The rate at which life expectancy has increased over the past century is not only staggering but, on paper at least, a cause for celebration.
According to the Office for National Statistics, in 1911, average female life expectancy was 55; for men it was 51. Today, both figures have increased by roughly three decades, the result of better medical provision plus a huge improvement in living standards and diet.
The most dramatic period of increased life expectancy occurred between 1890 and 1950 and though the rate has since slowed, it has done so only slightly. There’s still every chance that children born a decade from now will have an almost even money chance of living until they’re 100.
Not only are we living longer, but we can also expect to live a healthier later life. Gone are the days when reaching 65 was considered an achievement and, for most people, a time when looking after the pennies was essential.
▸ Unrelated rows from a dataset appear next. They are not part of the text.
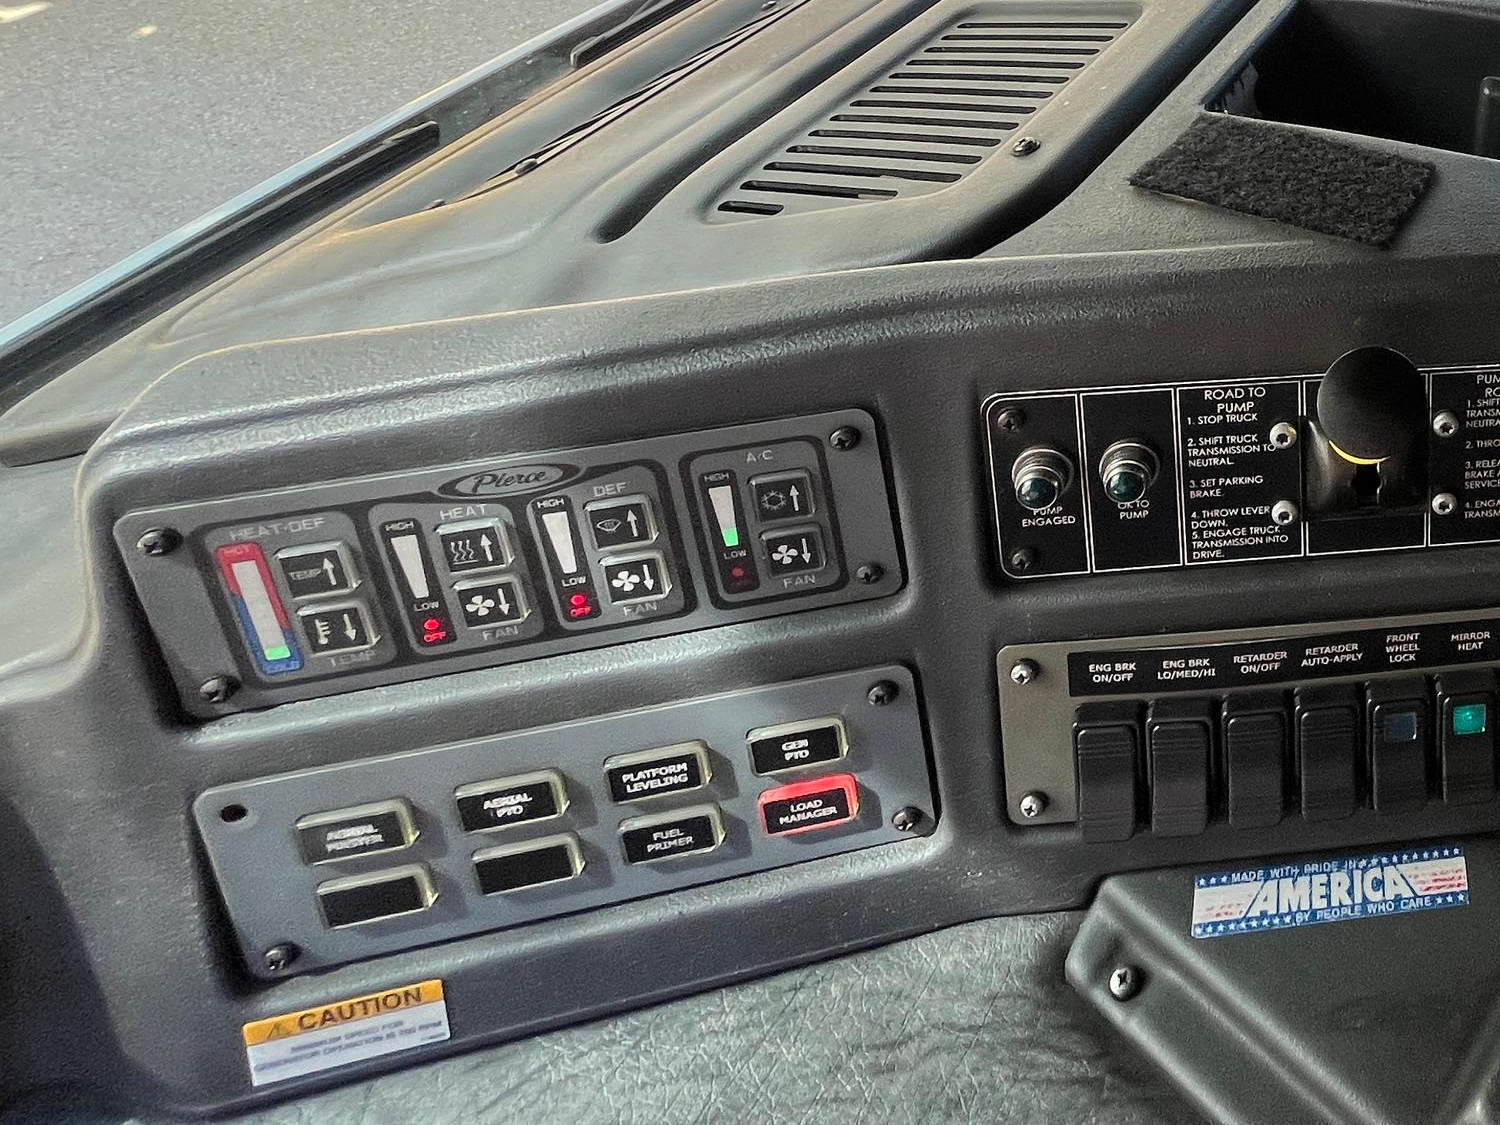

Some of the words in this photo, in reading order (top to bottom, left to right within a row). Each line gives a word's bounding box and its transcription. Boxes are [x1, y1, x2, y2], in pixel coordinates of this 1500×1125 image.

[1204, 388, 1245, 400] ROAD
[1248, 386, 1266, 397] TO
[1217, 401, 1255, 413] PUMP
[1477, 397, 1500, 407] SHIFT
[1187, 417, 1195, 425] 1.
[1197, 414, 1223, 425] STOP
[1226, 413, 1258, 423] TRUCK
[1187, 438, 1196, 447] 2.
[1199, 436, 1223, 446] SHIFT
[1226, 434, 1258, 444] TRUCK
[1465, 440, 1474, 449] 2.
[1187, 444, 1260, 457] TRANSMISSION
[1263, 443, 1277, 452] TO
[1465, 461, 1473, 469] 3.
[1465, 469, 1495, 479] BRAKE
[471, 471, 546, 494] Pierce
[1189, 480, 1198, 488] 3.
[1200, 478, 1216, 488] SET
[1219, 475, 1264, 486] PARKING
[593, 482, 627, 497] DEF
[536, 498, 565, 509] HIGH
[1135, 499, 1150, 508] TO
[439, 503, 487, 521] HEAT
[1033, 506, 1063, 516] PUMP
[1120, 509, 1149, 520] PUMP
[1191, 511, 1200, 519] 4.
[1202, 507, 1239, 519] THROW
[1241, 506, 1270, 516] LEVER
[385, 521, 414, 532] HIGH
[1022, 515, 1076, 527] ENGAGED
[1191, 519, 1228, 530] DOWN.
[1192, 531, 1200, 540] 5.
[1203, 527, 1247, 539] ENGAGE
[1250, 526, 1281, 535] TRUCK
[1192, 536, 1263, 550] TRANSMISSION
[1265, 535, 1289, 544] INTO
[723, 549, 747, 560] LOW
[1193, 550, 1225, 560] DRIVE.
[561, 576, 587, 588] LOW
[783, 575, 816, 589] FAN
[413, 601, 440, 612] LOW
[570, 606, 593, 618] OFF
[623, 602, 658, 617] FAN
[423, 631, 447, 643] OFF
[481, 625, 519, 640] FAN
[1386, 632, 1420, 643] FRONT
[1450, 631, 1491, 642] MIRROR
[1305, 643, 1359, 656] RETARDER
[1385, 643, 1421, 654] WHEEL
[1458, 641, 1483, 651] HEAT
[327, 650, 378, 668] TEMP
[1162, 660, 1185, 669] ENG
[1188, 658, 1210, 668] BRK
[1233, 651, 1288, 664] RETARDER
[1301, 652, 1363, 667] AUTO-APPLY
[1389, 653, 1416, 664] LOCK
[1088, 663, 1112, 673] ENG
[1114, 662, 1137, 671] BRK
[1157, 667, 1216, 680] LO/MED/HI
[1240, 662, 1281, 674] ON/OFF
[1092, 672, 1134, 683] ON/OFF
[781, 738, 809, 752] GEN
[784, 749, 810, 761] PTO
[621, 762, 688, 784] PLATFORM
[626, 773, 689, 794] LEVELING
[790, 798, 824, 814] LOAD
[778, 806, 838, 825] MANAGER
[652, 827, 685, 842] FUEL
[646, 835, 695, 853] PRIMER
[1231, 870, 1265, 883] MADE
[1270, 865, 1300, 879] WITH
[1344, 859, 1357, 872] IN
[1247, 866, 1413, 917] AMERICA
[1296, 911, 1310, 925] BY
[1316, 905, 1362, 921] PEOPLE
[1366, 901, 1395, 915] WHO
[1401, 896, 1432, 909] CARE
[297, 987, 422, 1031] CAUTION
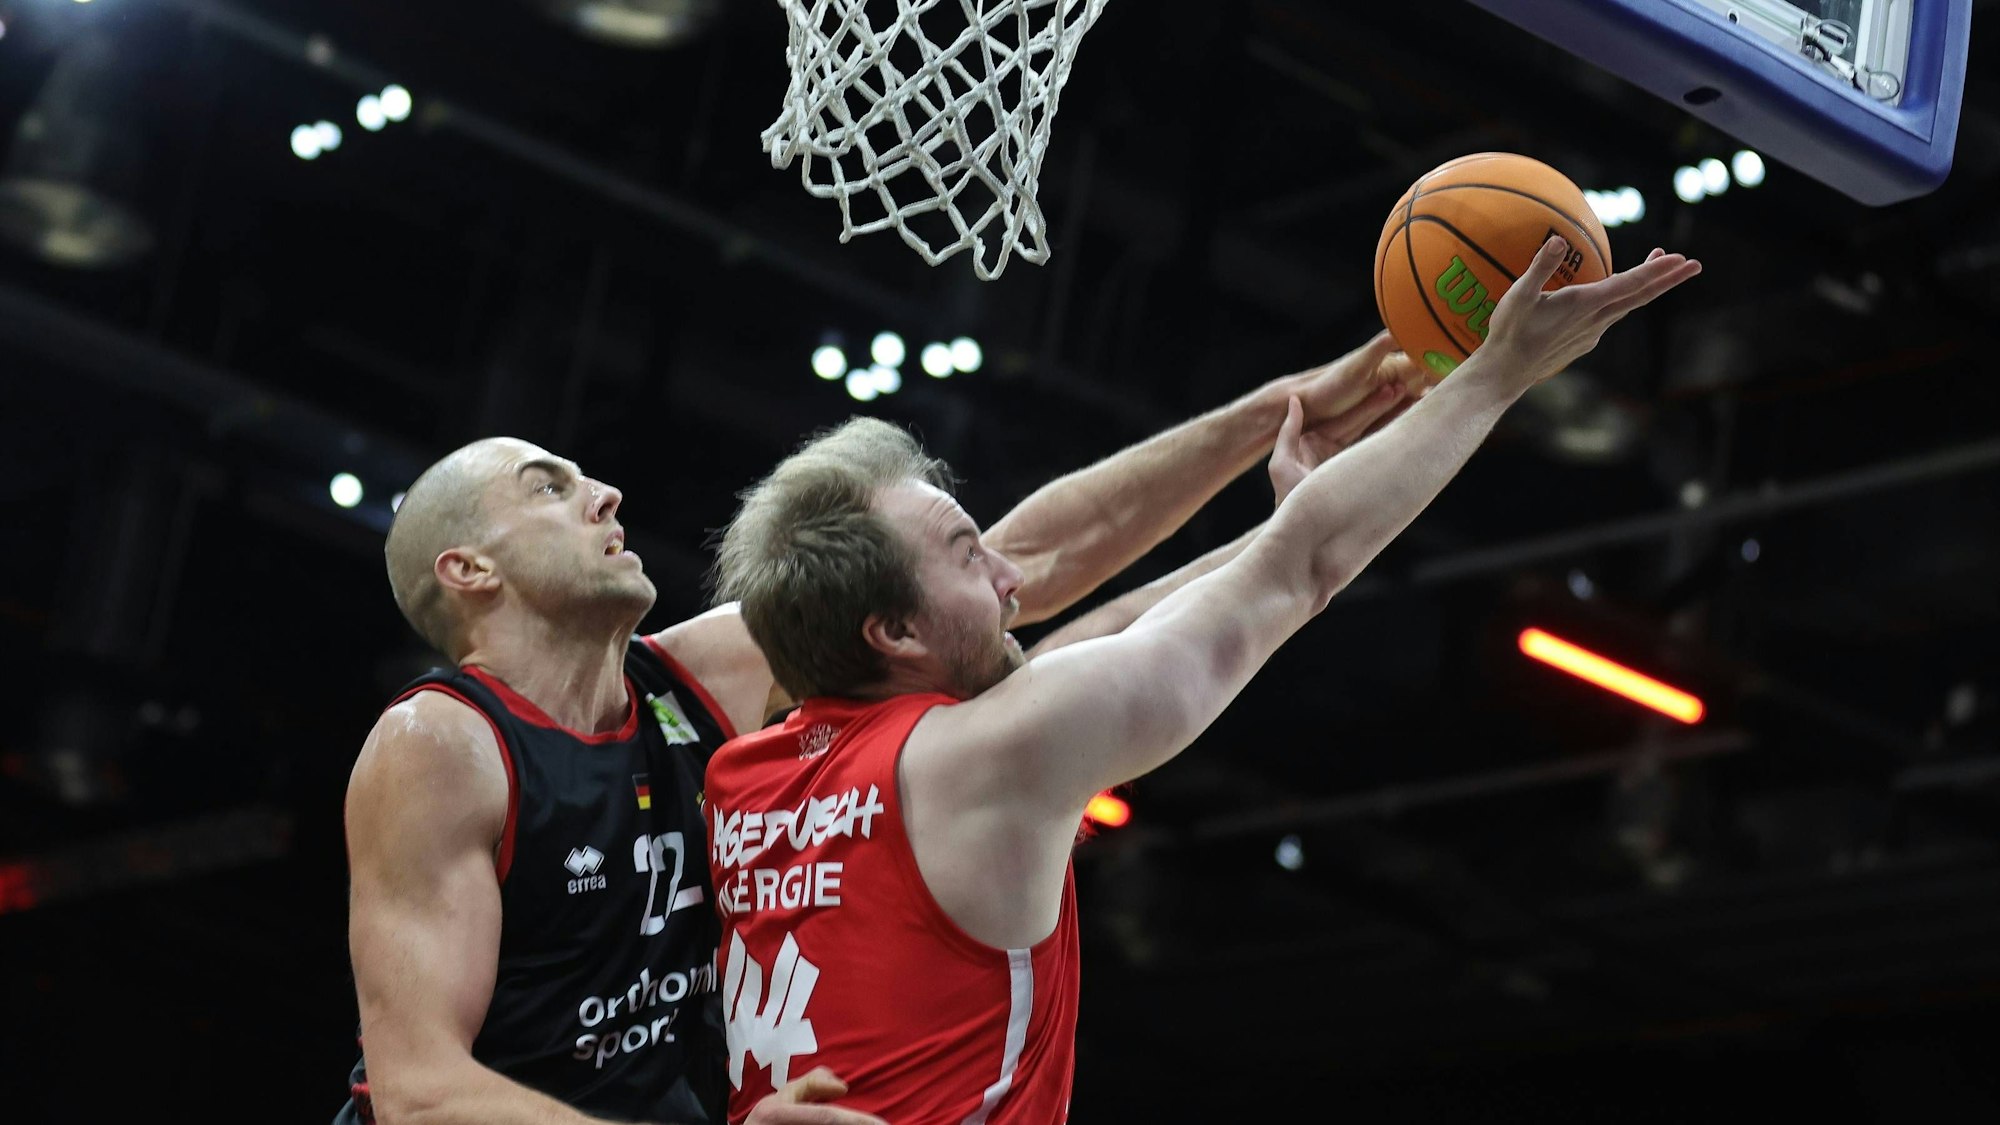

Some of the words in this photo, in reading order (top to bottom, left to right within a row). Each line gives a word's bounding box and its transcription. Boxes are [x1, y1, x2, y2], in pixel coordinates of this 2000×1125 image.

Foreign holidays were anathema even fifty years ago. The closest anyone got to a short-haul journey was boarding a coach to Scarborough or Southend.
During the 1960s, retirees looked forward to little more than putting their feet up, not least because they had lived through two world wars and a period of prolonged economic depression when genuine poverty was rife.
Working conditions in the first half of the twentieth century were also considerably tougher than they are today; no wonder people reaching 65 as the Beatles appeared on the scene fancied taking things easy. They did so in the reasonable expectation that the state pension would enable them to live modestly for their remaining days.
How times have changed.
Today’s silver surfer is not only healthier, he or she is significantly more active and more inventive when it comes to spending their free time and money.
According to research published by the Centre for Economic and Business Research (CEBR) and Saga, the over-50s account for approximately half of all consumer purchases. Behavioural analysts Coniq revealed that consumers aged over 50 spend almost three quarters (71%) more per visit to shopping centres than other age groups.
And there’s more. Pre-pandemic, information company NPD Group calculated that the over-fifties spent a total of £6 billion just on going out to lunch.
Not surprisingly then, the CEBR research also found that spending growth by the over-50s is rising three times faster than that of younger folks, yet the older cohort is much more than a bunch of well-heeled shopaholics. How and where they spend their money is also changing.
Since the turn of the century, there has been a marked shift by the fifty-something consumer towards spending money on ‘experiences’ instead of traditional purchases such as clothes or other products we associate older people.
Prior to the arrival of Covid, the over-50s accounted for more than half (58%) of all expenditure on travel and tourism, a figure which had increased by a fifth since 2012.
Clearly, these statistics show beyond doubt that large numbers of baby boomers have discovered how and where to spend their accumulated wealth, but the expenditure is – or should – be prefaced by an exercise of huge importance: retirement planning, the most essential aspect of which is ensuring you do not run out of money.
The definition of ‘retirement planning’ has widened over the past few years to accommodate the older cohort’s preparedness to take advantage of the good fortune bestowed upon it.
In terms of health, money and attitudes, sixty really is the new thirty. Whereas their parents and grandparents may once have felt that reaching their seventh decade was a good point at which to slow down, today’s would-be retiree is so full of ideas, plans and energy that planning how to achieve their ambitions has become as integral to the silver surfers’ modus operandi as a detailed world atlas and a well-considered bucket list.
In his outstanding book, The Number, author Lee Eisenberg endeavours to help readers (the prospective retiree, as well as those who have already finished with full-time work) establish how much they need to “lift your spirits and make your heart sing through old age.” Anyone over 45 should read this book, dealing as it does with concepts such as the ‘satisfaction factor’ and ‘uncertainty principles’.
He concludes that: “An unexamined life may or may not be worth living – but it’s almost always more costly than an examined one.”
In other words, if you fail to conduct some form of retirement planning, you’ll almost certainly plough through your wealth faster than you may have imagined.
The implications for silver surfers’ travel, business, spending, and associated lifestyle plans are disappointingly obvious and could leave you rueing, or at least not celebrating, increased life expectancy.